*SOURCE MATERIAL*
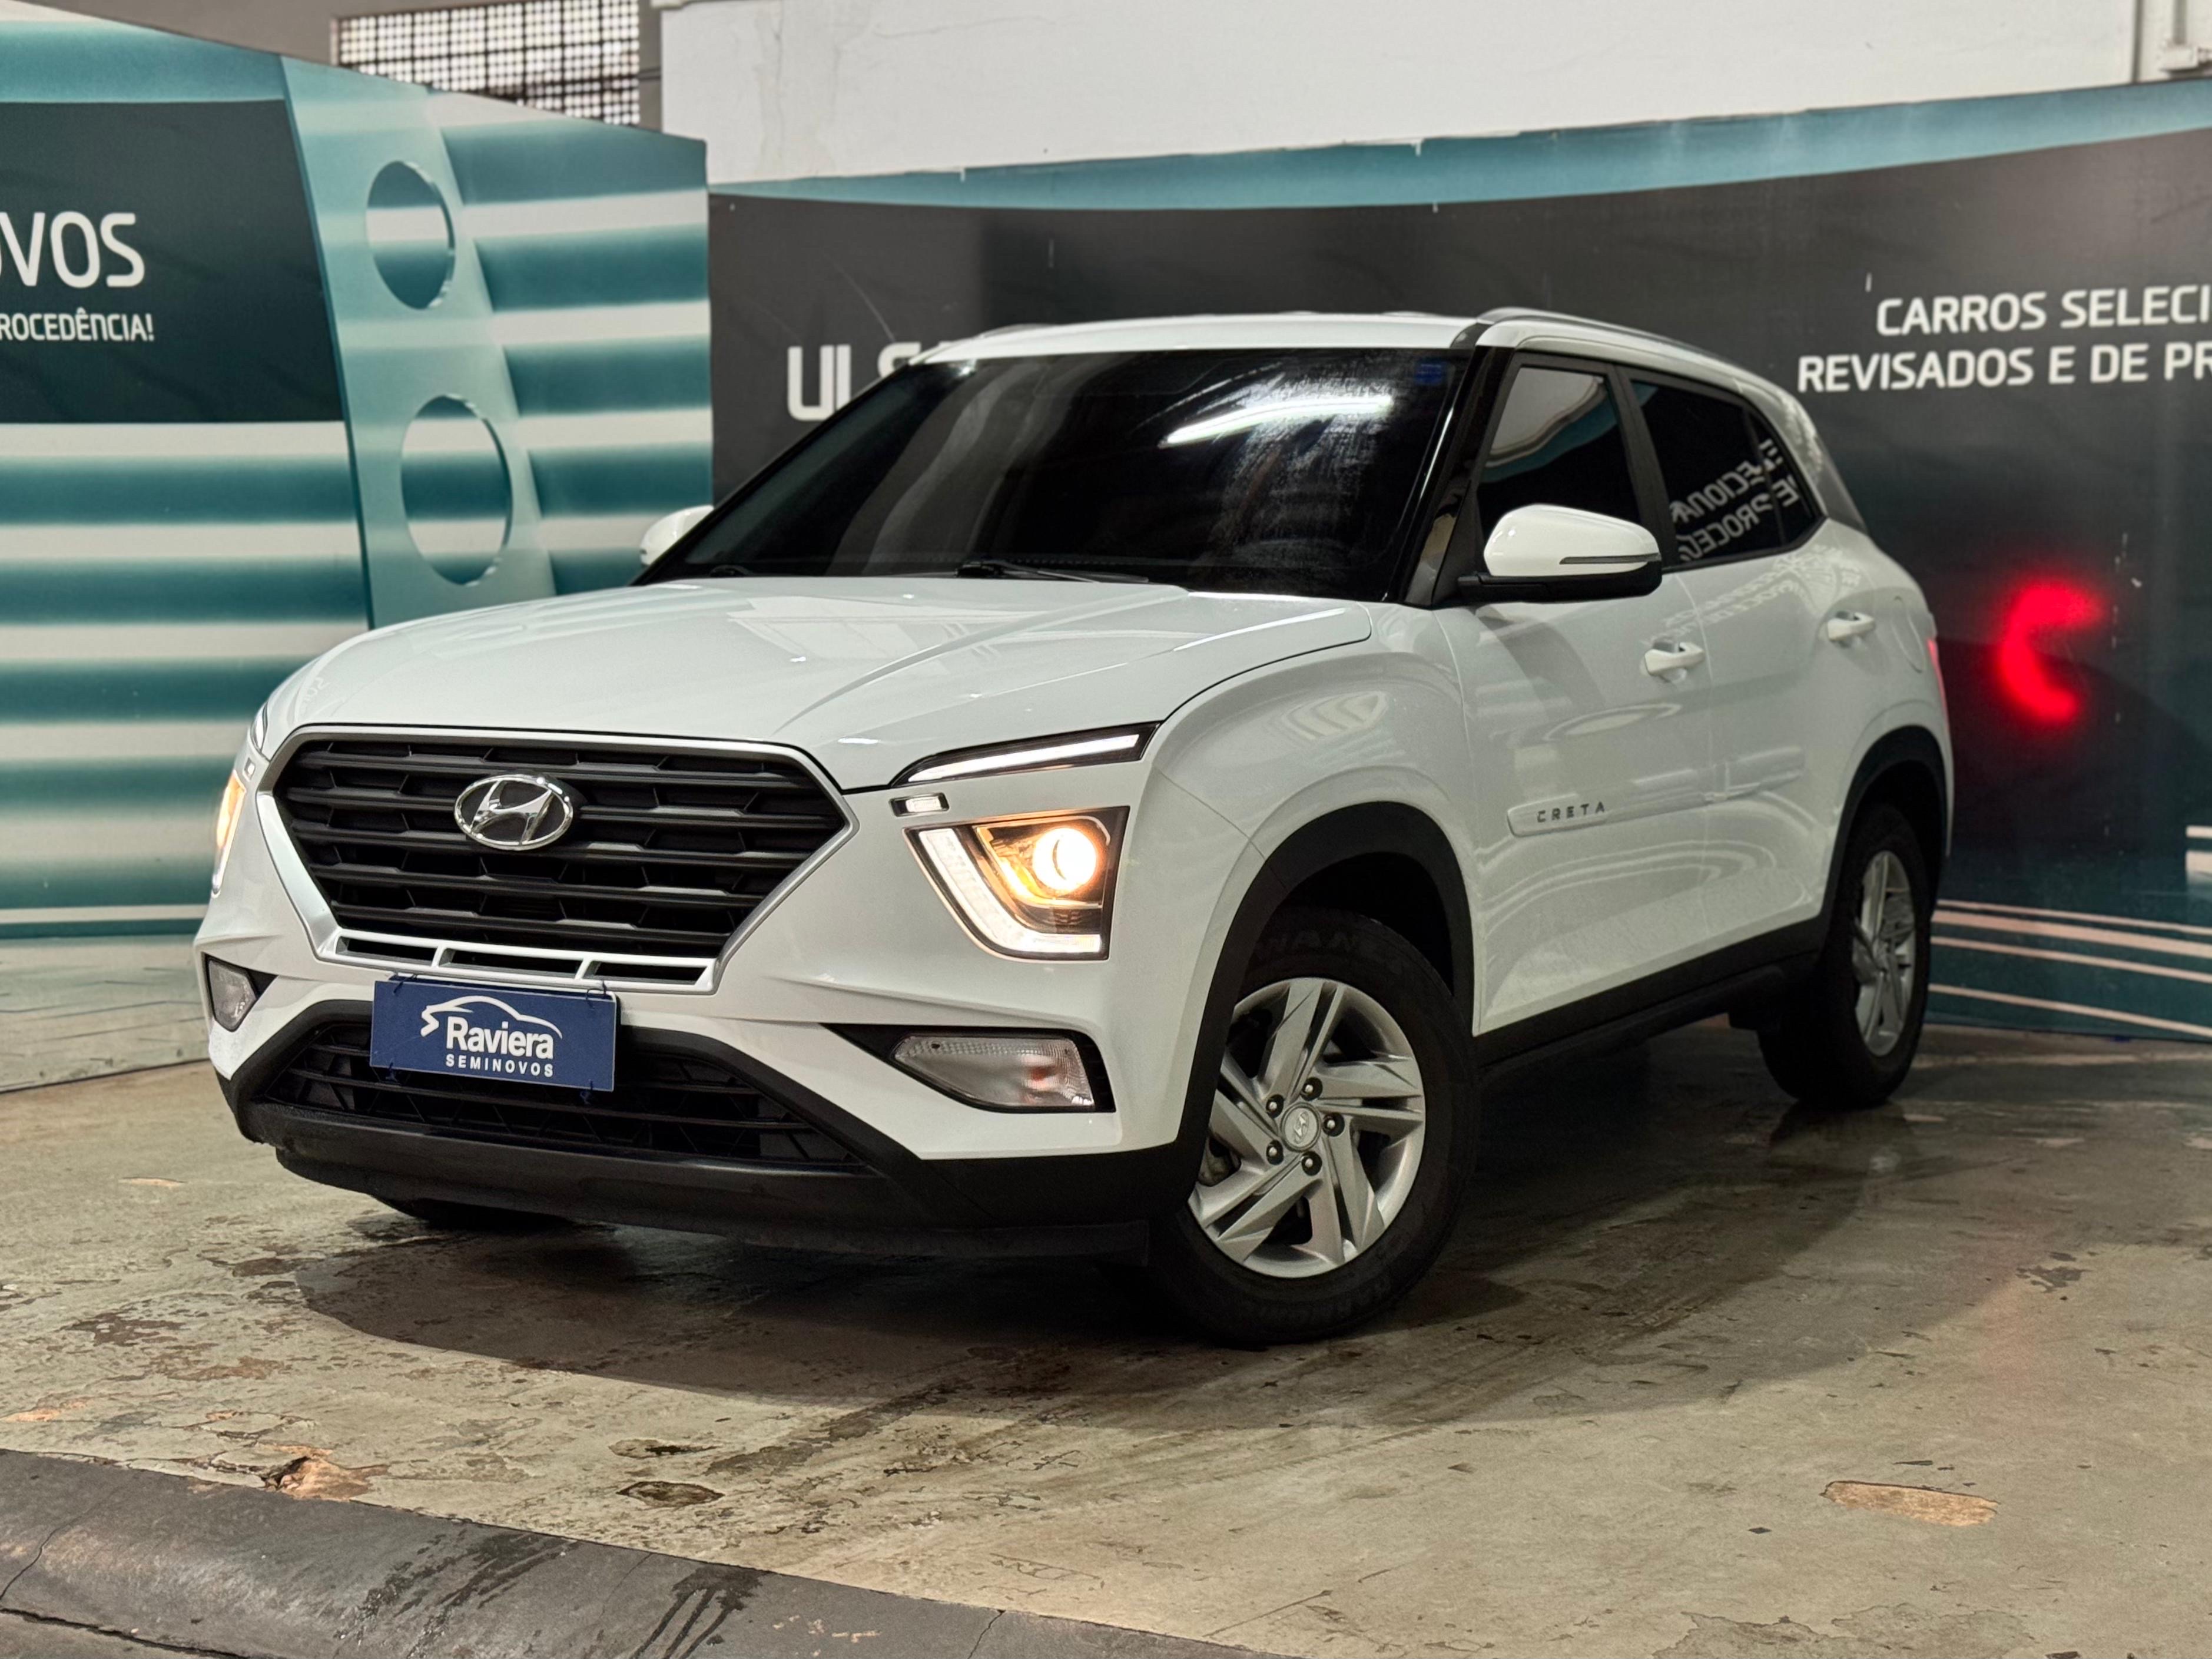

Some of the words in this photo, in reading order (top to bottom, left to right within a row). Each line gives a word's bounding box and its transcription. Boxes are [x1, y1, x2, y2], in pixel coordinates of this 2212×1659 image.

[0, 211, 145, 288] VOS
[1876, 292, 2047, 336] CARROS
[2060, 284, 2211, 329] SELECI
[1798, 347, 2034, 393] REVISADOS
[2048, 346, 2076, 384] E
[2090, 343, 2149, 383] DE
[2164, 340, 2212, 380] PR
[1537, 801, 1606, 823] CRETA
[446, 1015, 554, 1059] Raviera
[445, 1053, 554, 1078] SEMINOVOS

*ASSIGNMENT*
Every line of the listing above is to be set down verbatim, without the pictures.

*ANSWER FOR THIS EXERCISE*
Some of the words in this photo, in reading order (top to bottom, left to right within a row). Each line gives a word's bounding box and its transcription. Boxes are [x1, y1, x2, y2], in pixel coordinates of this 2212×1659 image.

[0, 211, 145, 288] VOS
[1876, 292, 2047, 336] CARROS
[2060, 284, 2211, 329] SELECI
[1798, 347, 2034, 393] REVISADOS
[2048, 346, 2076, 384] E
[2090, 343, 2149, 383] DE
[2164, 340, 2212, 380] PR
[1537, 801, 1606, 823] CRETA
[446, 1015, 554, 1059] Raviera
[445, 1053, 554, 1078] SEMINOVOS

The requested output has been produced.